#### Given data
○ ○ ○ ○ ○ ○ ○

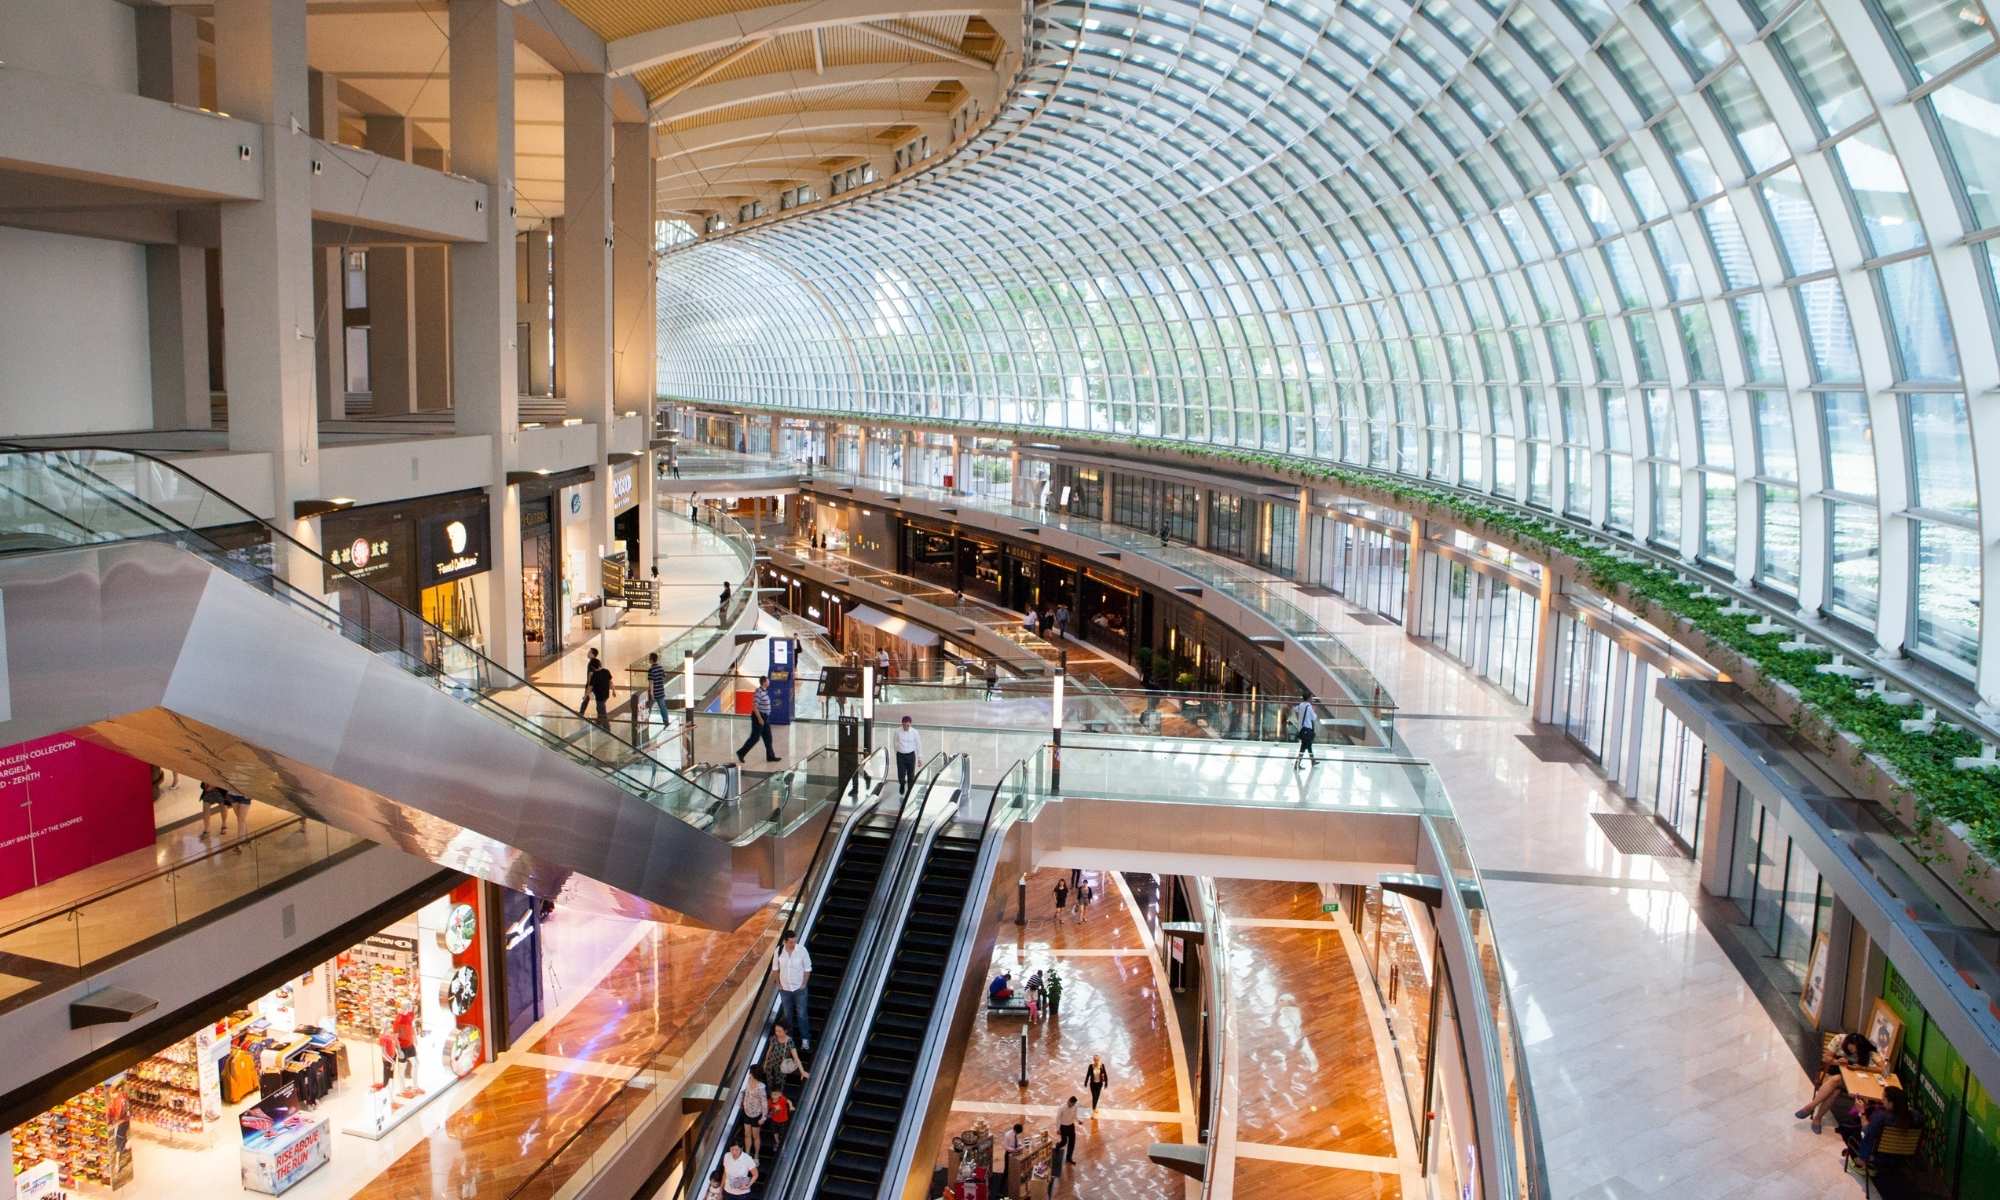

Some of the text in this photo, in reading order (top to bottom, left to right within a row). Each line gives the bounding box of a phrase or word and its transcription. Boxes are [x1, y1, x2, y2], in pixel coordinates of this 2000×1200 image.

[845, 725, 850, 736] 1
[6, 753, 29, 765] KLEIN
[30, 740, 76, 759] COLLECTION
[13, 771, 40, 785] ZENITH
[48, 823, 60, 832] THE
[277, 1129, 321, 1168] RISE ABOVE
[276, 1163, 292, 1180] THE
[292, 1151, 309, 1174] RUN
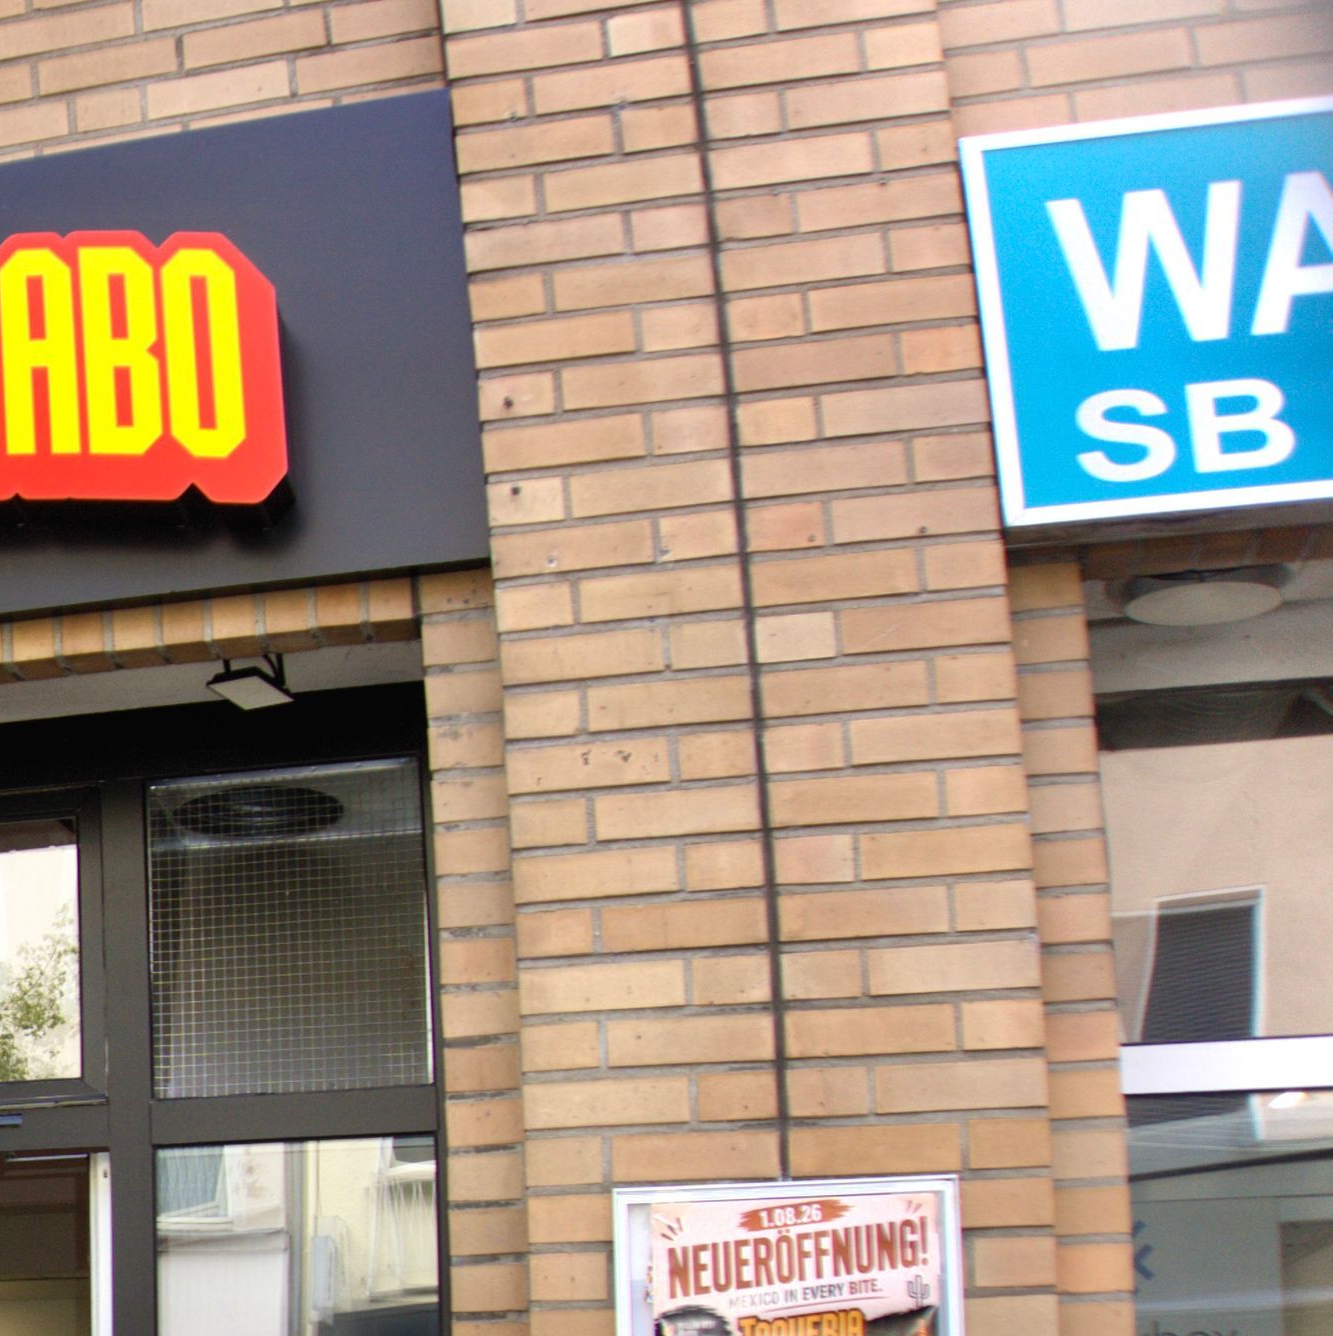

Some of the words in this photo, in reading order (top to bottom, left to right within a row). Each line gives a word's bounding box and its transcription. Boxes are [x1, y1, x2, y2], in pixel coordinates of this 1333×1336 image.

○ ○ ○ ○ ○ ○ ○

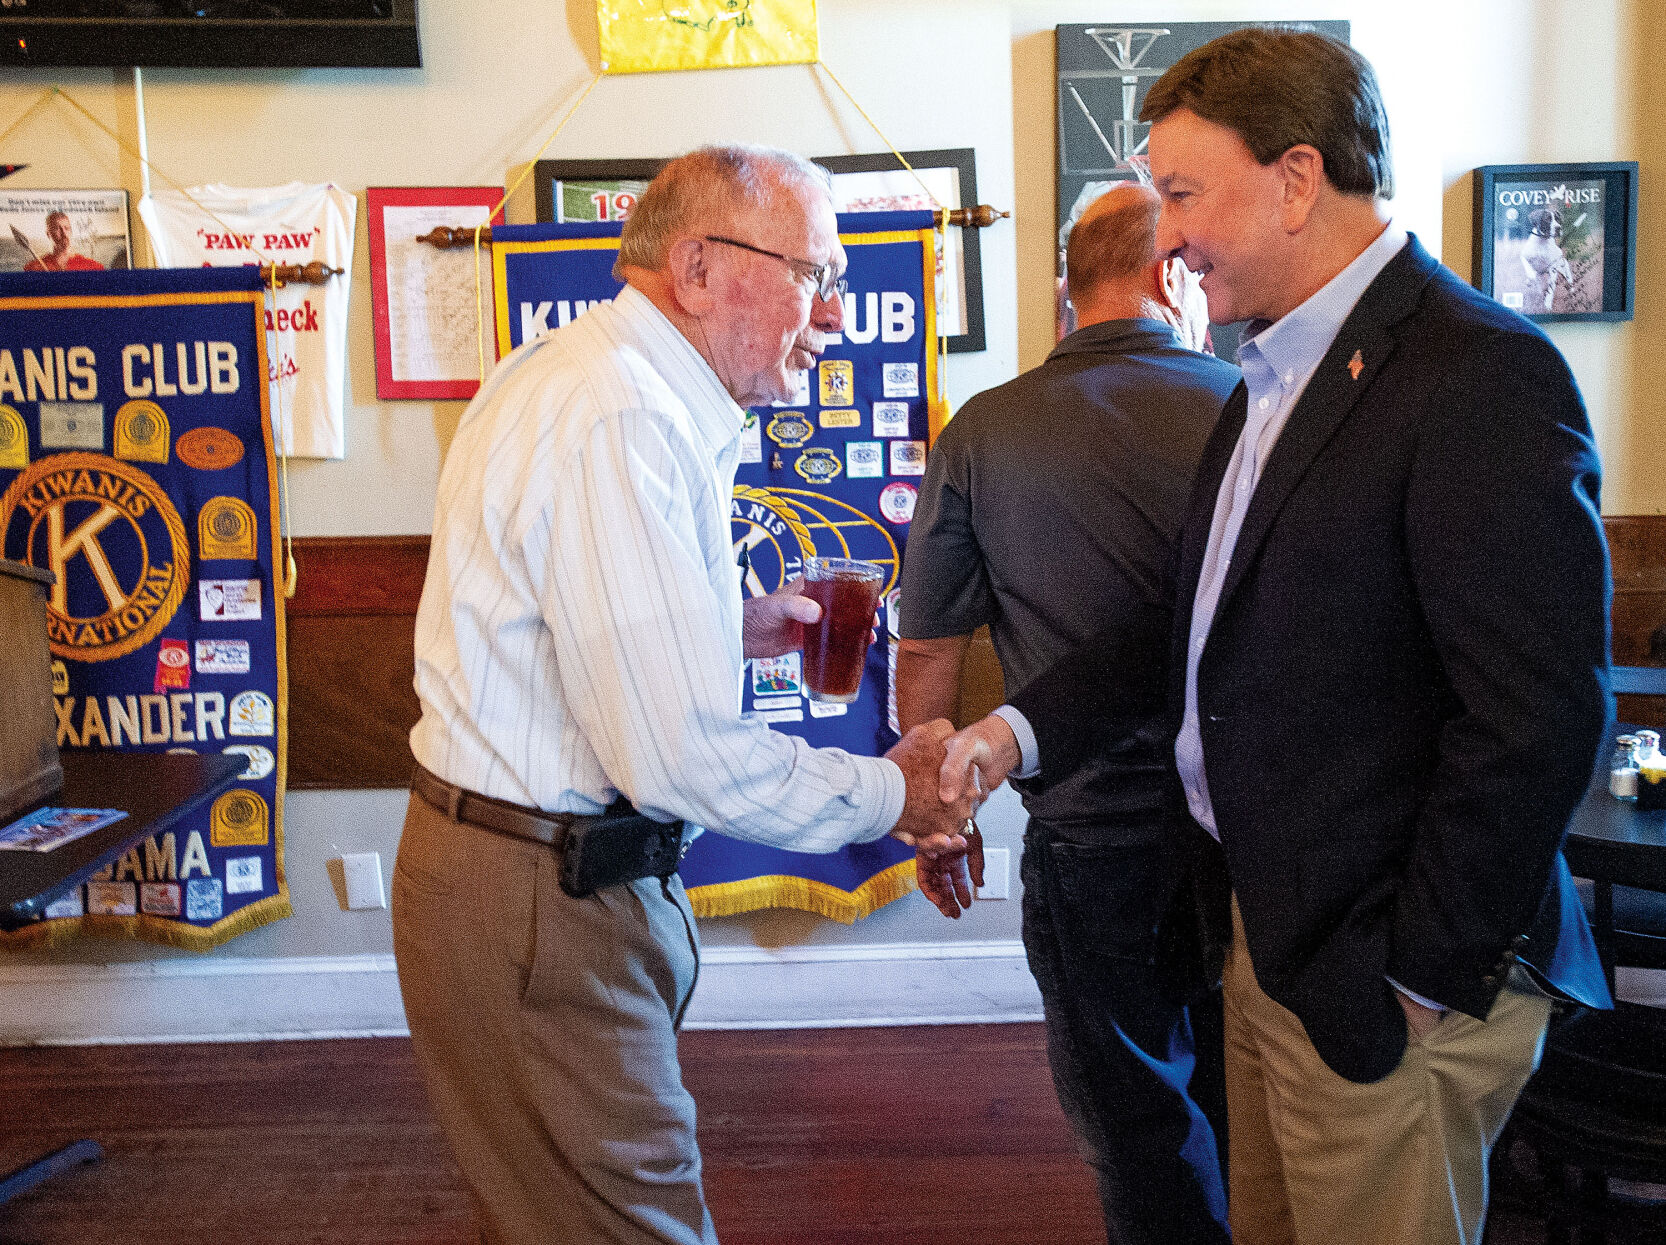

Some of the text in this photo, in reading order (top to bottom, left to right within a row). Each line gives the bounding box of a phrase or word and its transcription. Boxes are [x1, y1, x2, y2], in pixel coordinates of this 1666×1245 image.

○ ○ ○ ○ ○ ○ ○

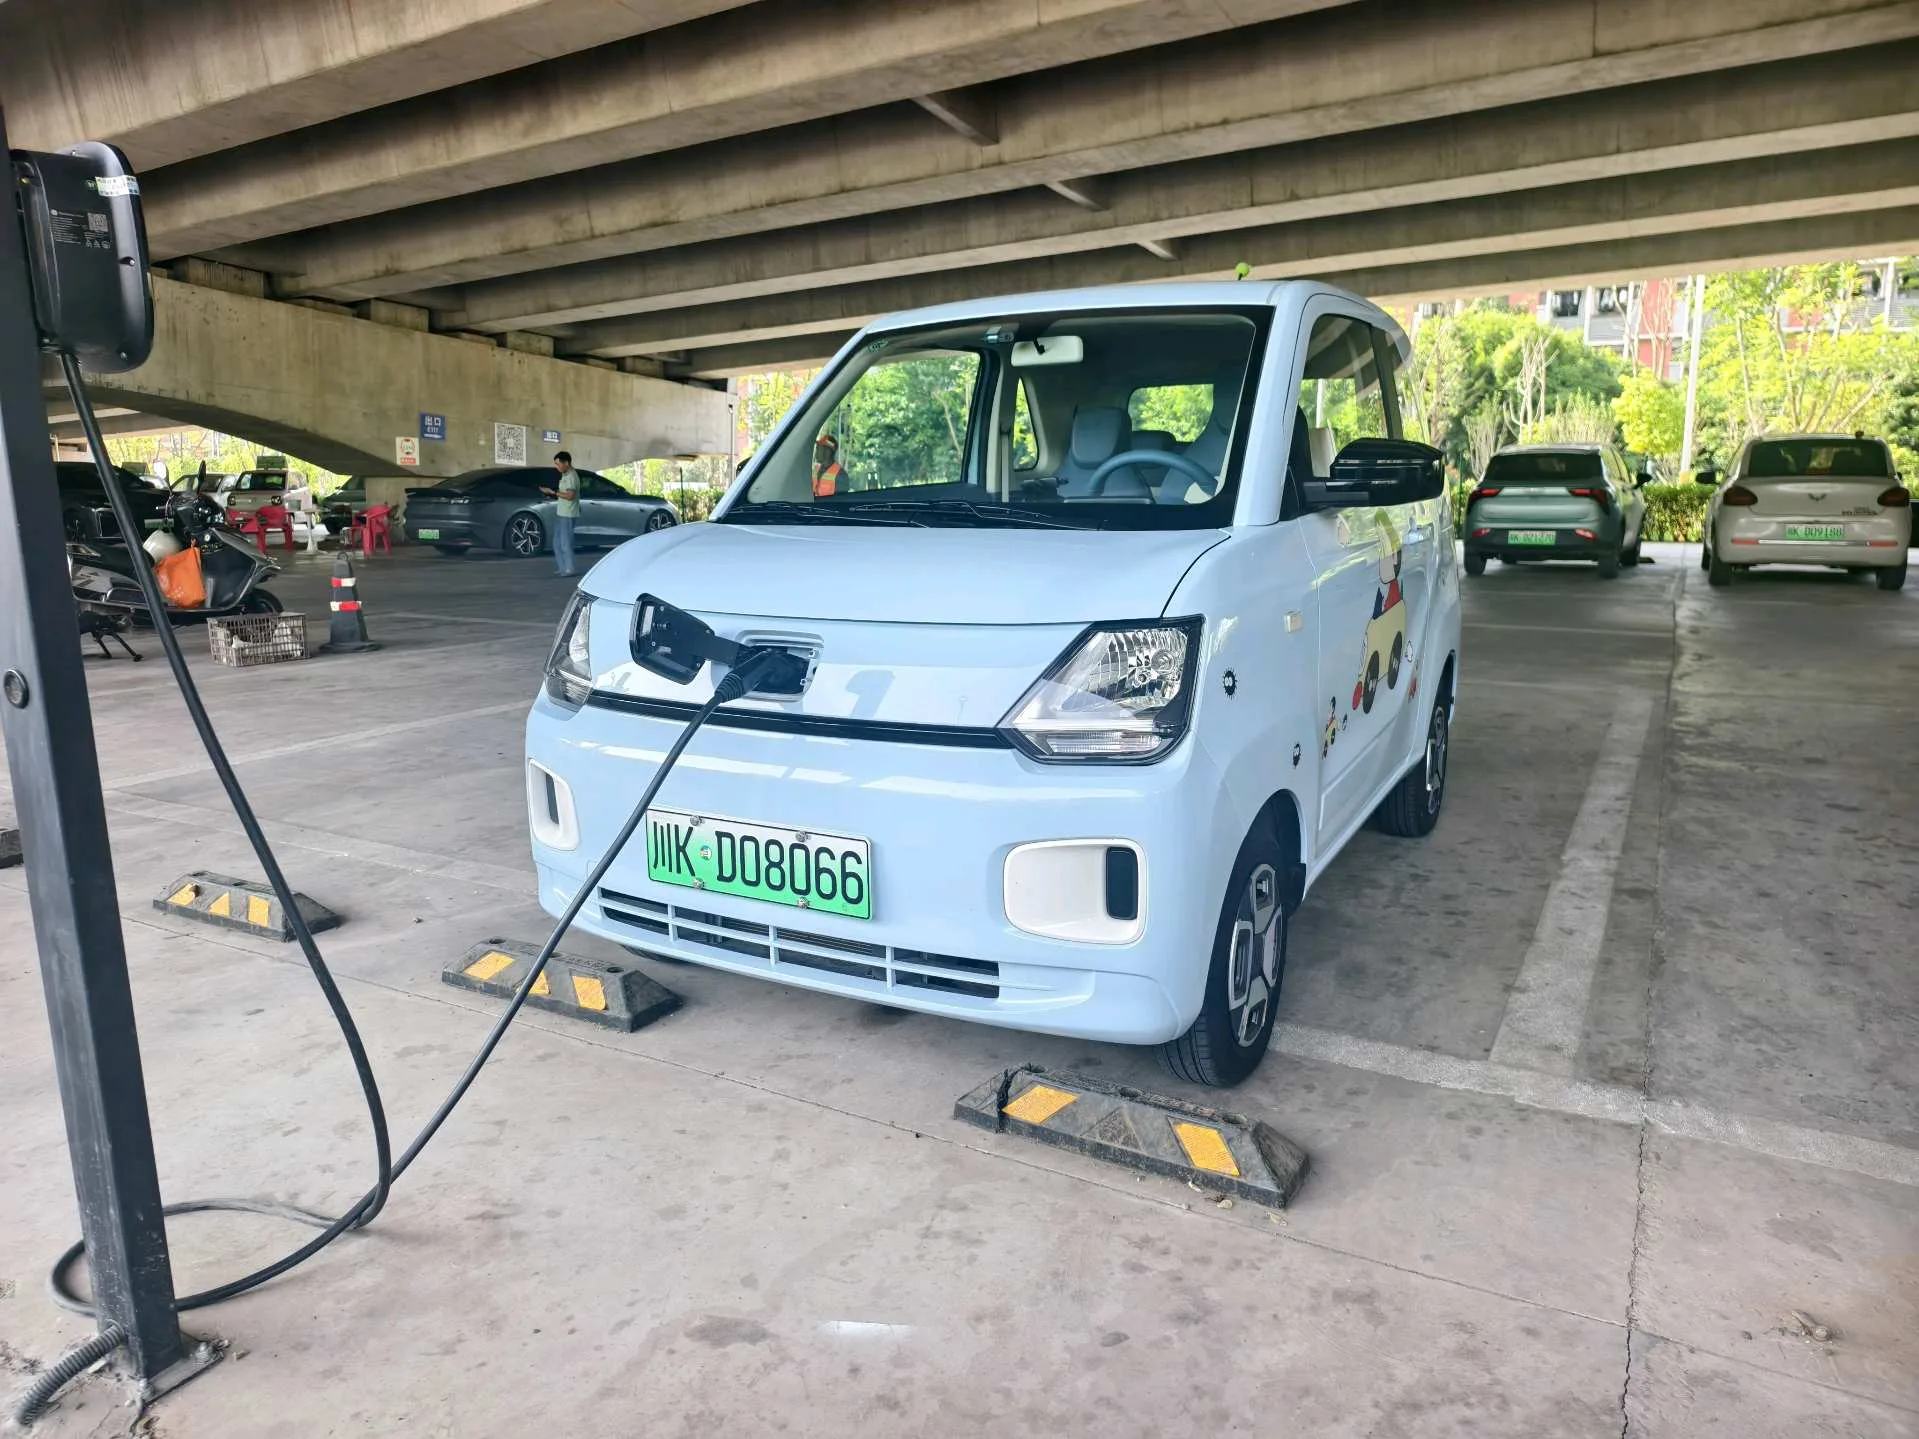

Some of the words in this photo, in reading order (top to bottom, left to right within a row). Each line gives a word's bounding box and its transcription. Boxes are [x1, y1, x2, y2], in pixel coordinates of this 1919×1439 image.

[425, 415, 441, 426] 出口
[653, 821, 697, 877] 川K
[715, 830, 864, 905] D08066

○ ○ ○ ○ ○ ○ ○

#### Description of the task
I would like the exact lines from the data above, starting with the one that holds "this 2000×1200 image." and going on through the one that holds "this 1333×1336 image.", without the pictures.

#### Solution
Some of the text in this photo, in reading order (top to bottom, left to right within a row). Each line gives the bounding box of a phrase or word and its transcription. Boxes are [x1, y1, x2, y2], in pixel coordinates of this 2000×1200 image.

[845, 725, 850, 736] 1
[6, 753, 29, 765] KLEIN
[30, 740, 76, 759] COLLECTION
[13, 771, 40, 785] ZENITH
[48, 823, 60, 832] THE
[277, 1129, 321, 1168] RISE ABOVE
[276, 1163, 292, 1180] THE
[292, 1151, 309, 1174] RUN

Some of the words in this photo, in reading order (top to bottom, left to right within a row). Each line gives a word's bounding box and its transcription. Boxes are [x1, y1, x2, y2], in pixel coordinates of this 1333×1336 image.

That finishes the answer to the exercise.